Ma soprattutto c’è un’affermazione che fa la differenza sul resto, tutto, del pianeta calcio e che conferma definitivamente una maturità acquisita che lo rende un personaggio “unico”. “La mia vita è sempre stata incentrata sulla ricerca della felicità. Non ho vinto tanto ma sono un uomo felice, mia moglie e i miei figli sono le mie Coppe dei Campioni”. Come un aforisma letto su Internet ”Quasi quasi mollo tutto e divento felice!” Wow!! Ho molta ammirazione per una persona “vera” come Cassano che oltretutto mi (ci) ha regalato gioie che, come sampdoriano, mai dimenticherò. E dunque, tornando alla nostra cara Samp, attendiamo ulteriori sviluppi senza montarci la testa (io non lo garantisco….) perché le insidie sono sempre dietro l’angolo, anche se quest’anno ho sensazioni diverse per una serie di fattori positivi che fanno ben sperare. Con mio fratello ci siamo già detti il famoso mantra “Dove potrà mai arrivare questa Sampdoria?” Porterà male? Speriamo di no. Lo ammetto, quando il Doria va alla grande tendo ad esaltarmi. Sarà un mio difetto, anzi sicuramente lo è. Ma che volete farci, così è la vita e senza brio si rischia la noia. E comunque, se sarò stato cattivo profeta, tiratemi pure simboliche pietre ma non fatemi troppo male.
1 commento
Articolo interessante anche se, mi perdoni l’autore, un pò…insalatone, c’è di tutto dentro:-)
Personalmente:
– che il nostro mercato sia stato confusionario, approssimativo e improvvisato è un dato oggettivo e l’aveva detto pure il mister un paio di settimane prima dell’inizio del campionato , me le ricordo solo io le frasi: “sapevano da 6 mesi che Torreira andava via”? oppure ” mi prendono Ekdal? e allora va bene Ekdal” ma con un tono che faceva trasparire tutto tranne che soddisfazione?

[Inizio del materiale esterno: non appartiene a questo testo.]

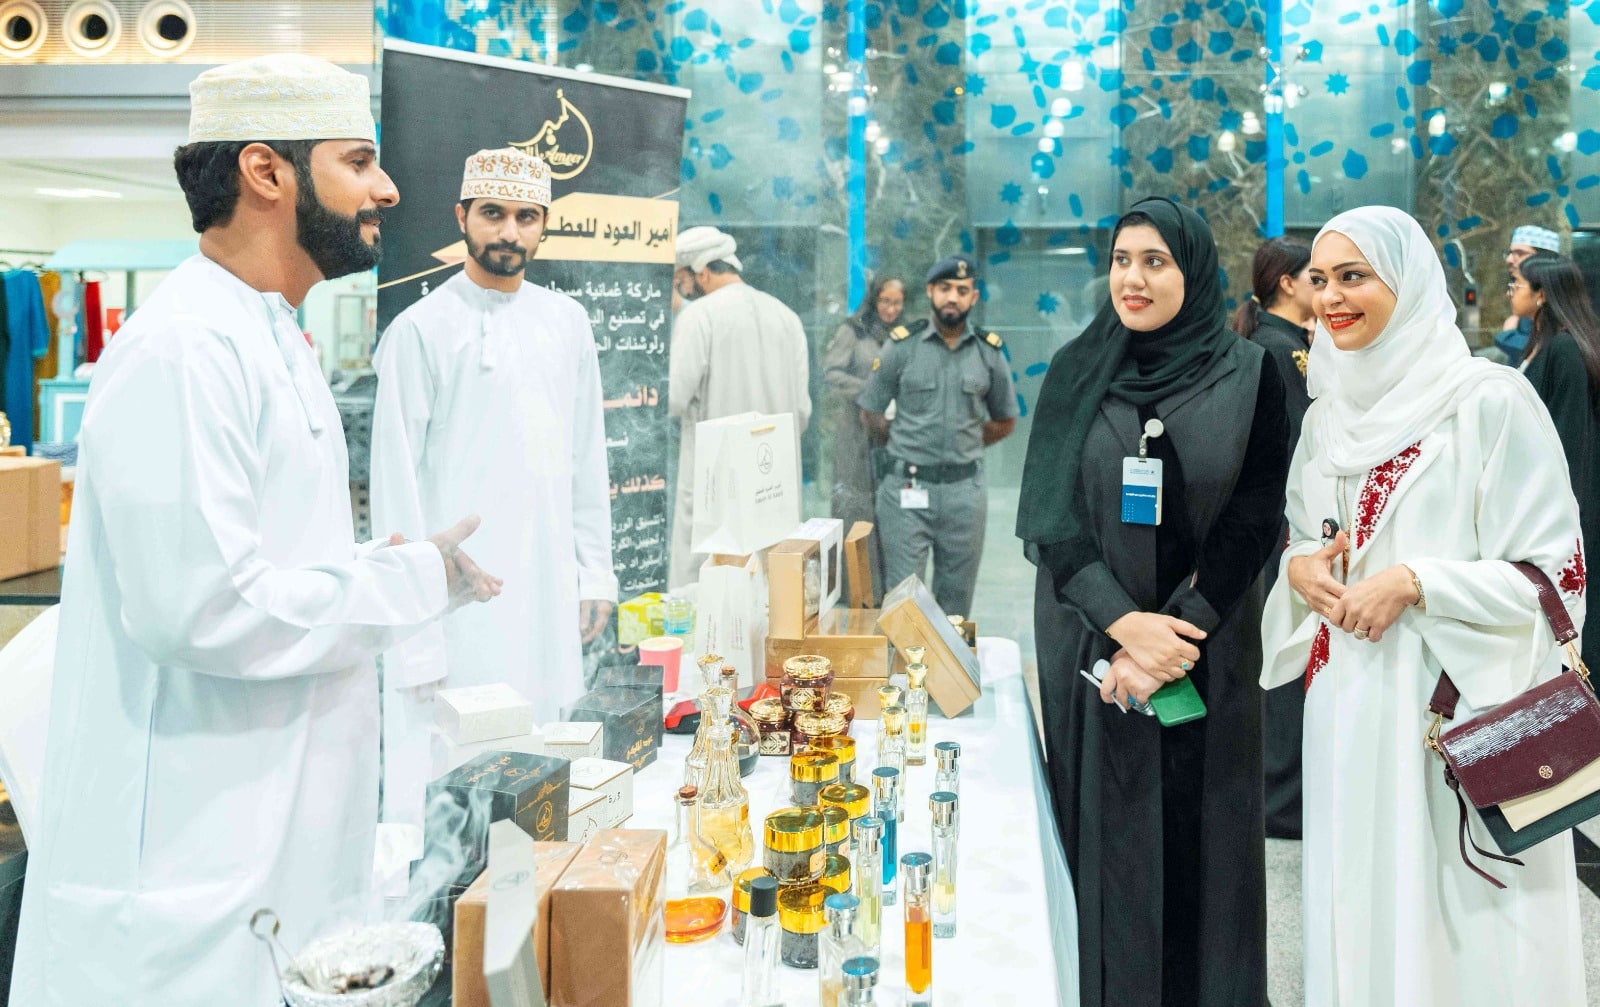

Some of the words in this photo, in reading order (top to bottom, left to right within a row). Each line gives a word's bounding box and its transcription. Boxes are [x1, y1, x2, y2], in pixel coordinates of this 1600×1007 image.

[540, 215, 598, 243] للعطو
[603, 220, 641, 246] العود
[645, 217, 673, 248] أمير
[626, 281, 662, 303] ماركة
[608, 310, 646, 331] تصنيع
[649, 309, 665, 331] في
[602, 384, 658, 408] دائم
[620, 473, 665, 494] كذلك
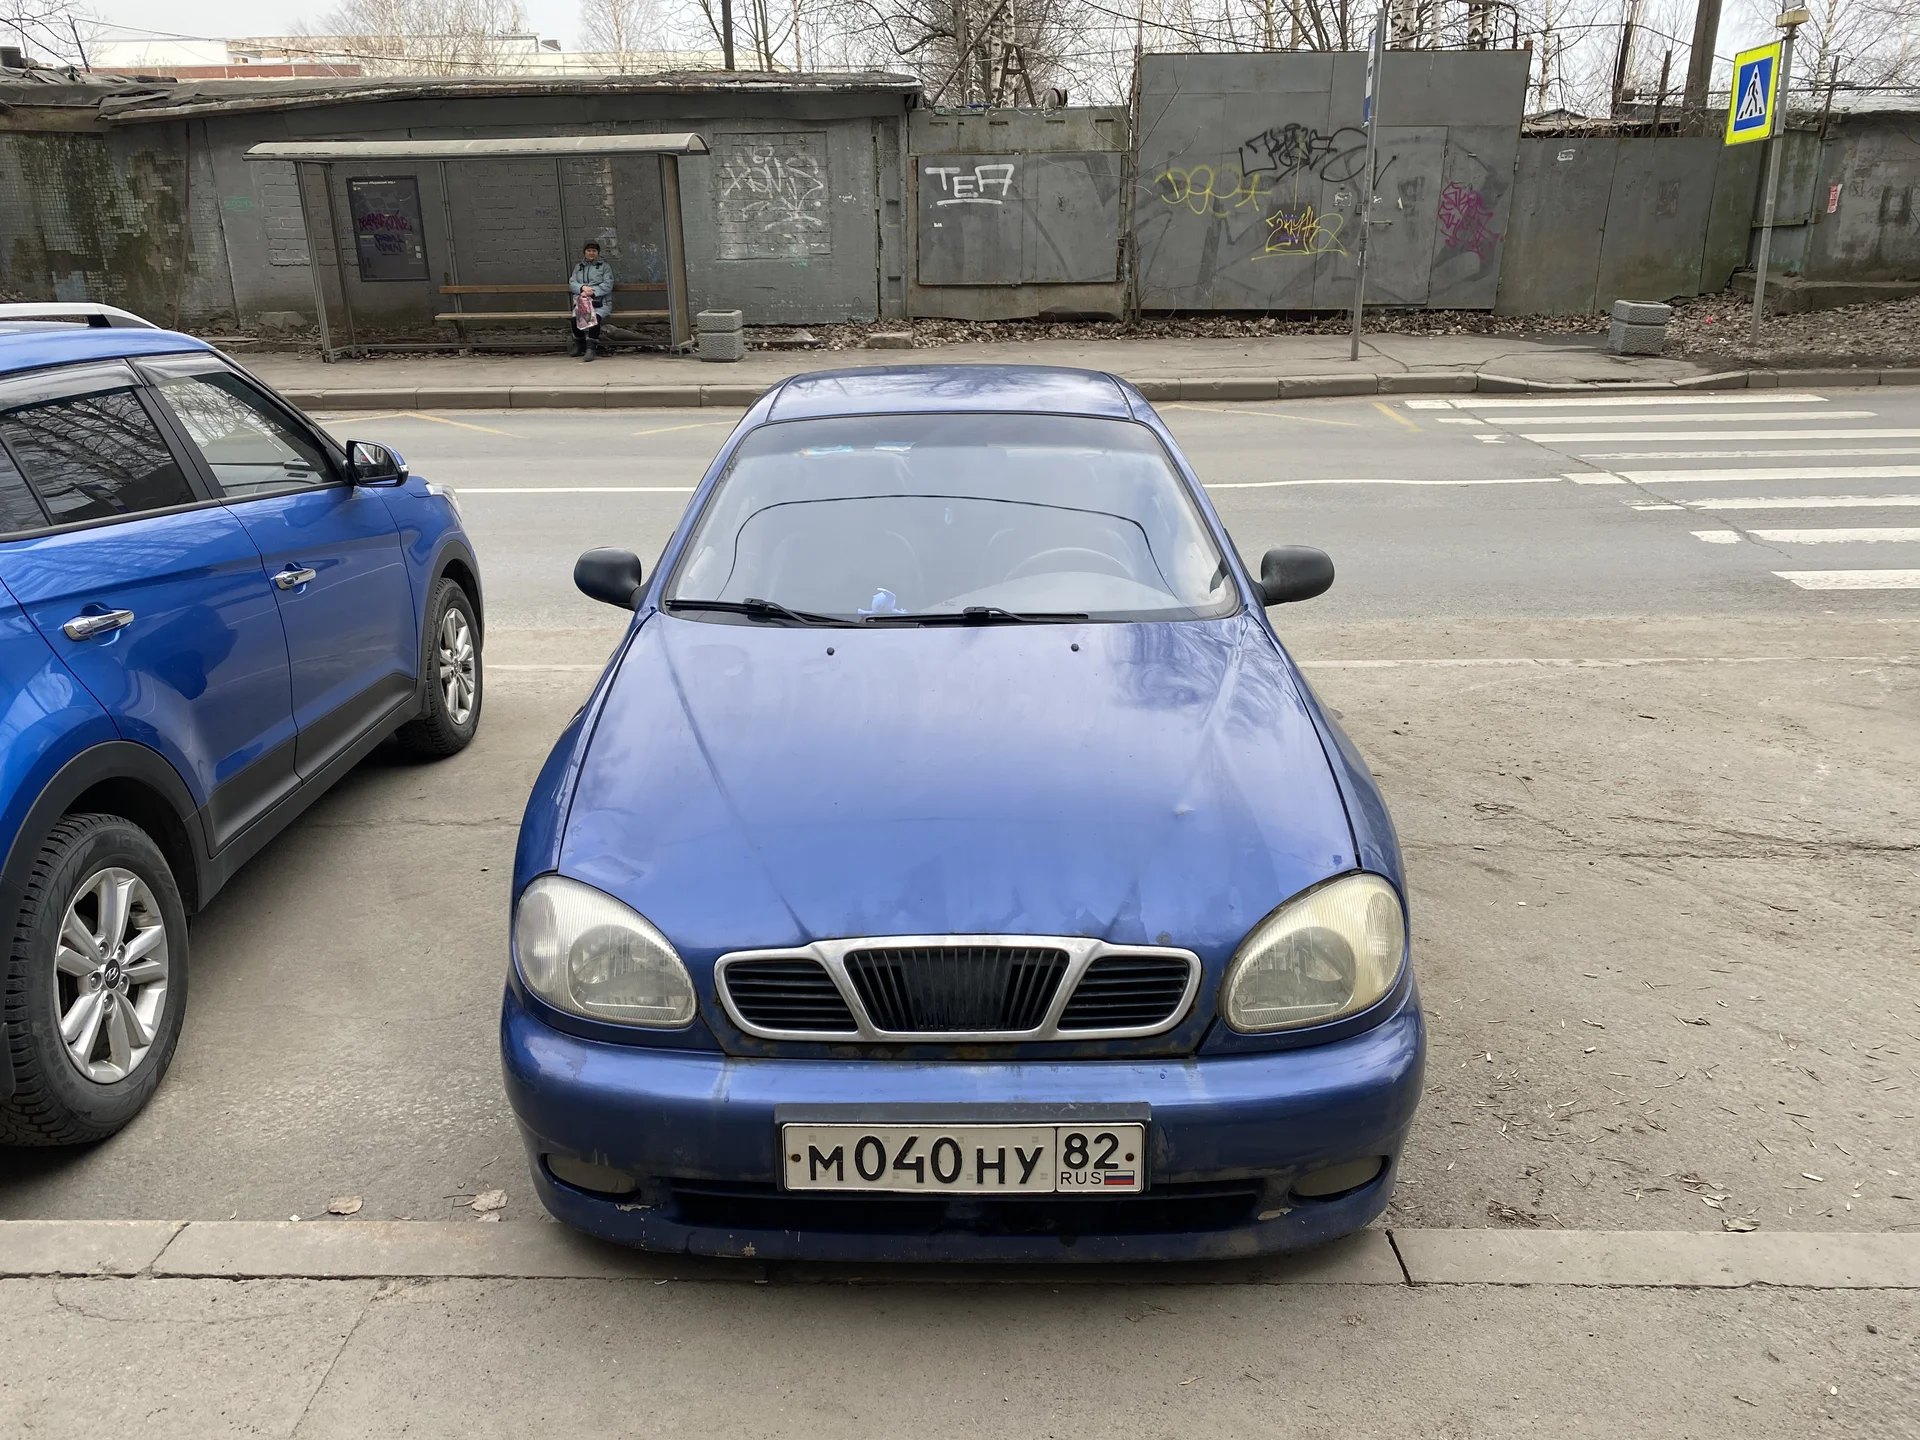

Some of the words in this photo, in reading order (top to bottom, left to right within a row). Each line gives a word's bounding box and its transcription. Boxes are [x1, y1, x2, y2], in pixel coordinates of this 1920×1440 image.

[925, 164, 1014, 197] TEA
[1062, 1132, 1119, 1170] 82
[1059, 1171, 1101, 1185] RUS
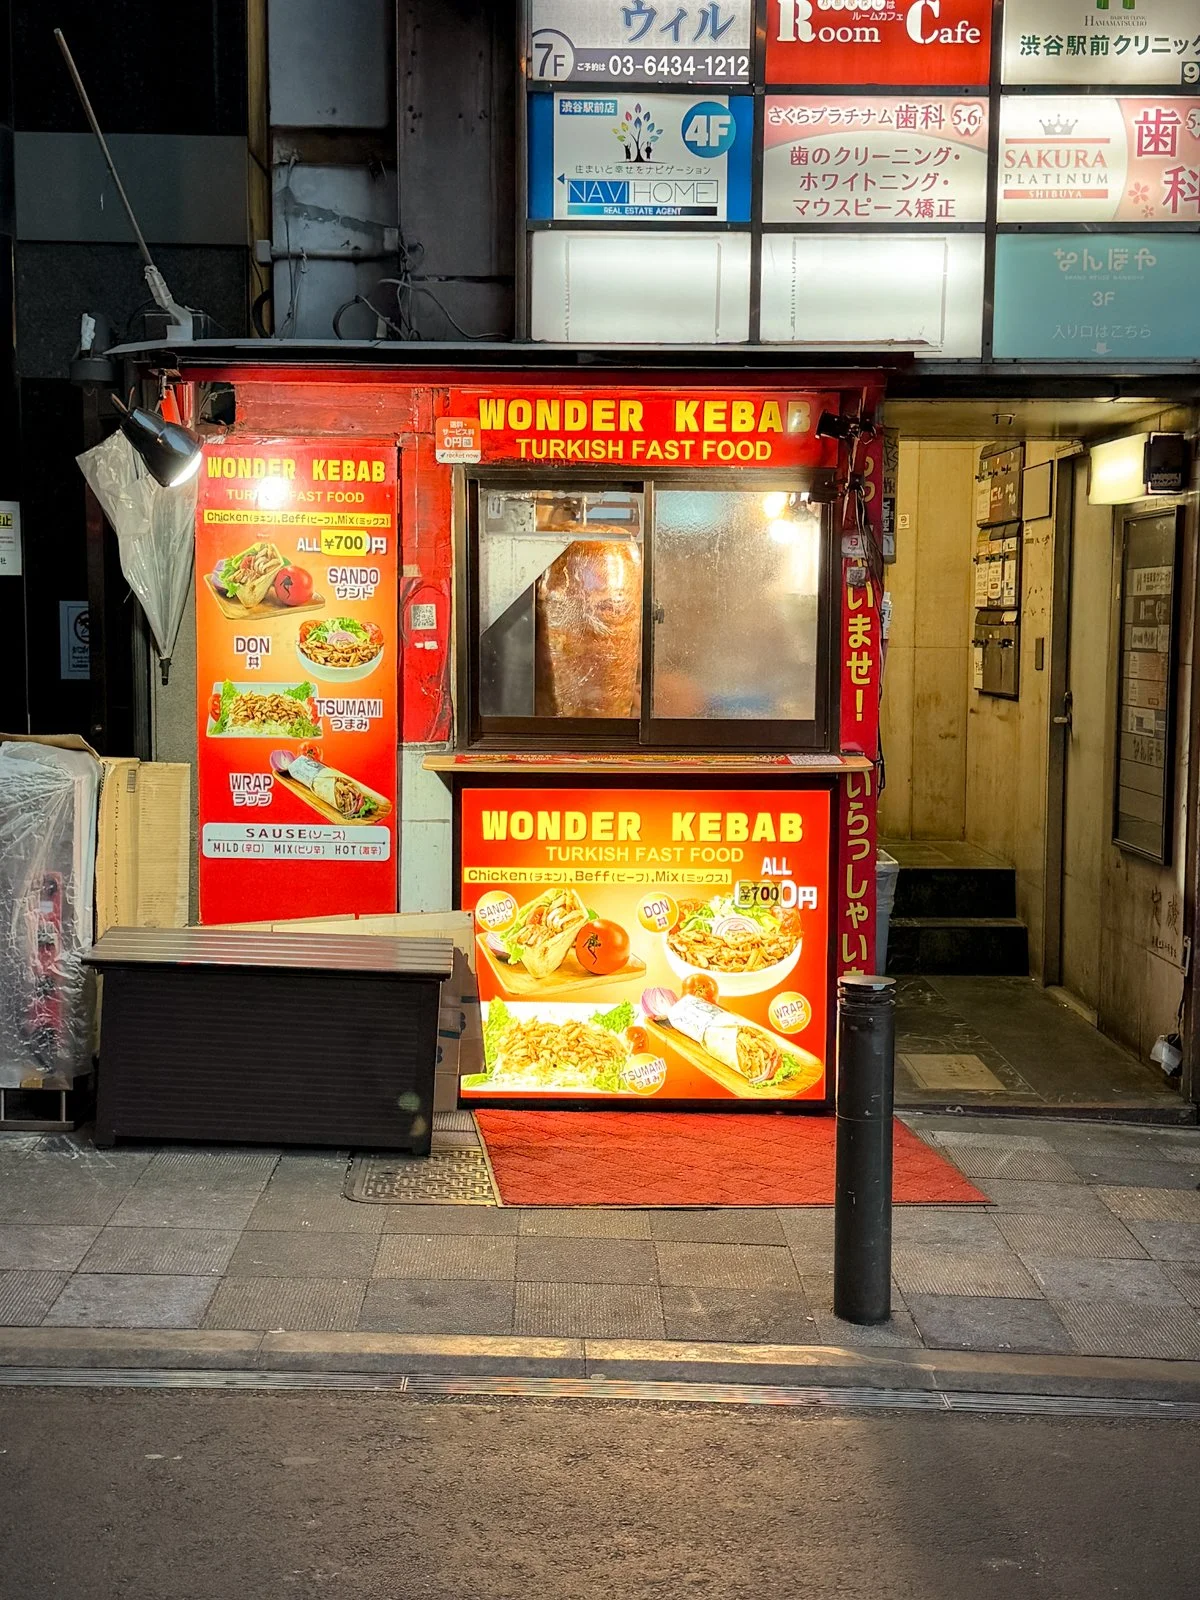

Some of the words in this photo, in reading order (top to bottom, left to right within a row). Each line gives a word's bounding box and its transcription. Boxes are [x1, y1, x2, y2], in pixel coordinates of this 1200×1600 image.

Poi, siccome il calcio è meravigliosamente imprevedibile e folle ecco che chi è arrivato sta facendo addirittura meglio di chi è partito e siamo tutti felici e contenti anche se, lo ripeto, memore della passata stagione, ancora resto coi piedi ben saldi per terra…
Una mia amica che tifa Toro mi ha giustamente detto: ” Tutti gli anni partite bene, e poi…”, e in effetti, come darle torto?
Da quando siamo tornati in A solo l’anno con Delio Rossi abbiamo sofferto all’inizio, poi per il resto le nostre partenze sono sempre state buone, per non dire ottime…
E quindi, ribadisco per l’ennesima volta, PIEDI PER TERRA, PIEDI PER TERRA!!!
Quanto a Cassano, scindo il calciatore e l’uomo: il primo mi ha fatto godere e impazzire dal “dolore” dopo quel che accadde ormai 8 anni fa, l’uomo sinceramente con le sue dichiarazioni specie degli ultimi anni mi fa quasi compassione…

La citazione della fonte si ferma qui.